Em 10 faixas fúnebres além da já citada Lucifer, take her, outras faixas devem ser enaltecidas como a poderosa Gasmask terror além da faixa título são muito fodas. Outra digna de riffs animalescos é Flesh, bones and blood aonde uma banda afiada toca seu metal numa proposta a ofender imbecis e agradar os inteligentes de bom gosto. Falar deste disco seria ficar a noite inteira escrevendo acerca de cada detalhe nele contido. Portanto, aconselho você que gosta de som extremo e contestador dar uma checada neste disco e entender o porque de sermos tão especiais em ouvir tal obra.
Cabe lembrar que esta edição pega por mim traz um dvd contendo making off, faixas ao vivo entre outras coisas.
Belphegor.... puta banda e ótima descoberta. Obrigado Daiane Garcia, sem querer você me fez descobrir uma puta banda.

domingo, 7 de janeiro de 2018

Said the Whale - As long as your eyes are wide

Saindo do hard rock e indo para indie rock, alternativo temos o trio Said the Whale e este disco lançado em 2017, ou seja, ano passado. Mediante indicação de um amigo, graças ao clip de Step into the madness e faixa de abertura do disco, logo de cara gostei muito do som e sinceramente não podemos nem devemos impor rótulos na hora de ouvir sons assim. E o mundo musical é uma região maravilhosa aonde você pode pesquisar sem medo e caso abra o leque para variedades, a pesquisa fica ainda mais saborosa. Ouvir um único estilo musical é o mesmo que ir num rodízio de pizza e comer somente um sabor.

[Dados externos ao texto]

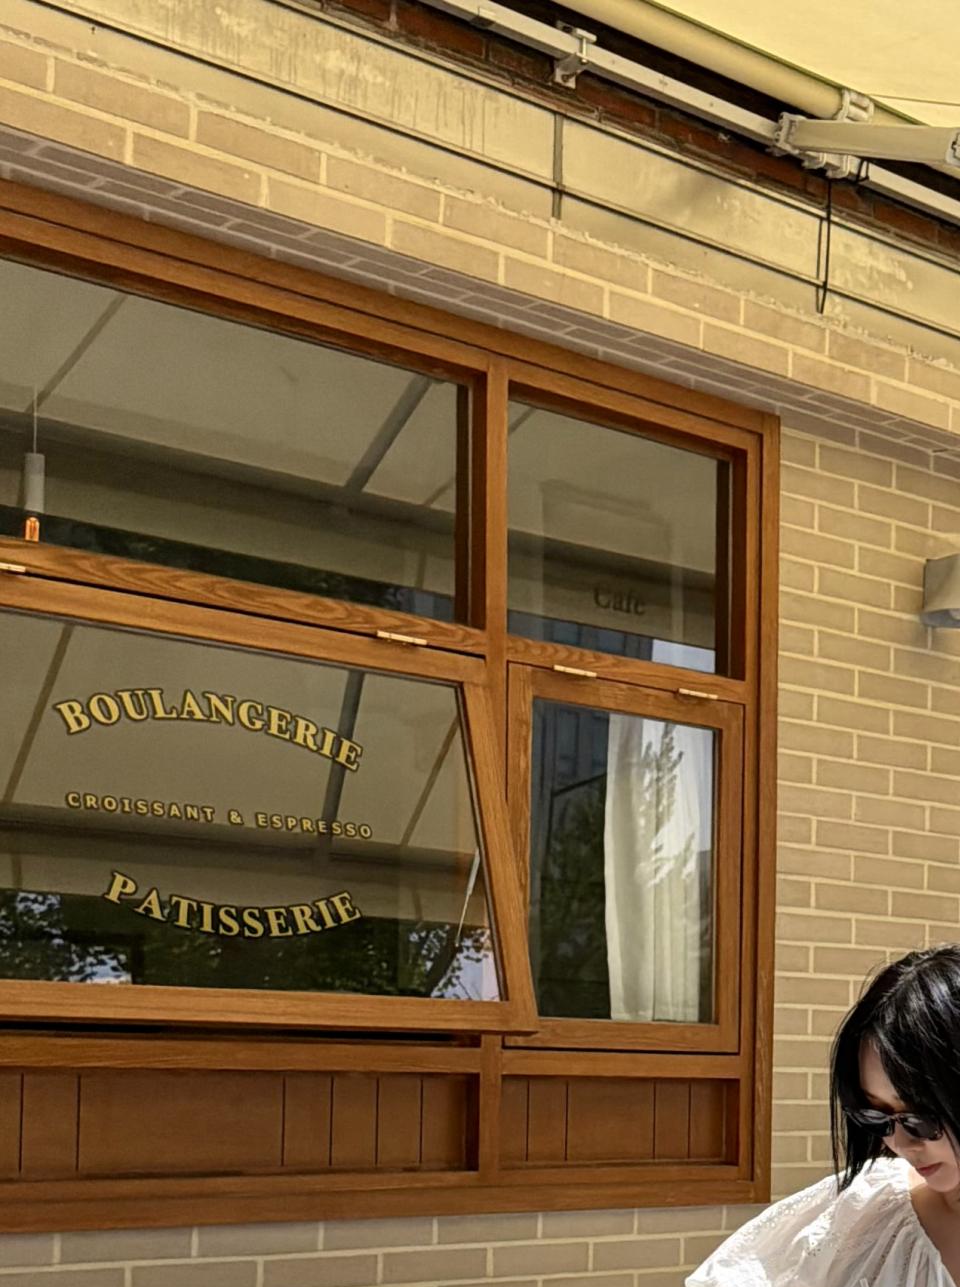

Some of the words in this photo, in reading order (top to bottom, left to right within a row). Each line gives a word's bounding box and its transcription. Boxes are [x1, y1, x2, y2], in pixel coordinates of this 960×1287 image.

[55, 688, 364, 772] BOULANGERIE
[66, 792, 216, 823] CROISSANT
[228, 810, 244, 825] &
[257, 812, 373, 839] ESPRESSO
[104, 871, 363, 938] PATISSERIE

Nas 10 faixas o que temos são faixas bonitas aonde os vocais afinados e o instrumental recheado de ofertas sonoras fazem uma sincronia chegando perto da divindade perfeita. Além da faixa citada, outras como More than ever, Heaven, I will follow you ou Beautiful morning farão sentir uma vibração bem bacana caso goste duma vertente mais fofinha do indie.

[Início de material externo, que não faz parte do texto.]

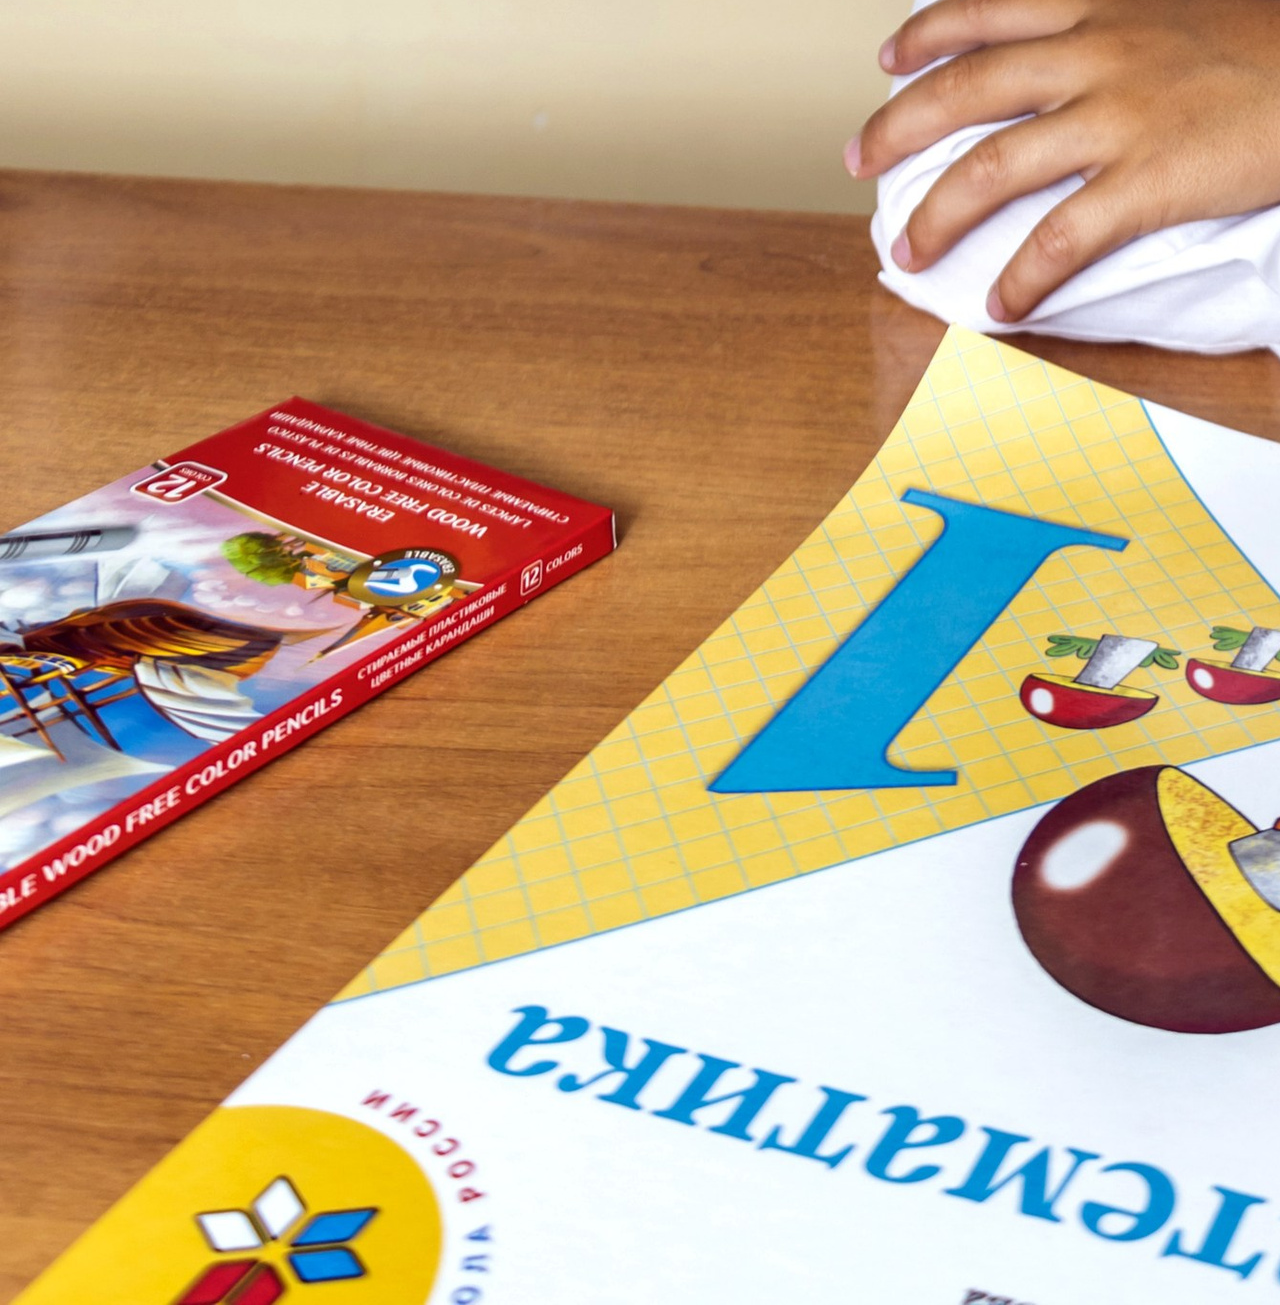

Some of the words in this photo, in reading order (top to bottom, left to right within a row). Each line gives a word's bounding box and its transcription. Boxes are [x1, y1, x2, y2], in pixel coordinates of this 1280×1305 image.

[253, 442, 327, 474] PENCILS
[323, 442, 342, 457] DE
[347, 433, 403, 465] ЦВЕТНЫЕ
[322, 466, 383, 495] COLOR
[340, 450, 409, 481] BORRABLES
[403, 455, 493, 493] ПЛАСТИКОВЫЕ
[146, 473, 198, 499] 12
[301, 480, 396, 524] ERASABLE
[380, 488, 430, 515] FREE
[406, 478, 463, 501] COLORES
[458, 495, 481, 510] DE
[490, 488, 570, 524] СТИРАЕМЫЕ
[426, 505, 489, 539] WOOD
[404, 550, 456, 575] ERASABLE
[522, 565, 540, 589] 12
[545, 543, 584, 573] COLORS
[357, 631, 428, 680] СТИРАЕМЫЕ
[428, 582, 507, 637] ПЛАСТИКОВЫЕ
[370, 648, 424, 689] ЦВЕТНЫЕ
[425, 605, 495, 655] КАРАНДАШИ
[41, 822, 122, 882] WOOD
[125, 785, 181, 833] FREE
[185, 740, 258, 795] COLOR
[261, 687, 344, 750] PENCILS
[361, 1089, 487, 1204] РОССИИ

Tyler Bancroft, Ben Worcester e Jaycelyn Brown formam o trio que com alguns outros convidados fazem de As long as your eyes are wide um belo disco para ser apreciado sem pressa, podendo ser degustado mais de uma vez para assimilar e descobrir camadas sonoras de extrema competência.
Para mostrar que ainda temos música nova sendo feita com muito bom gosto.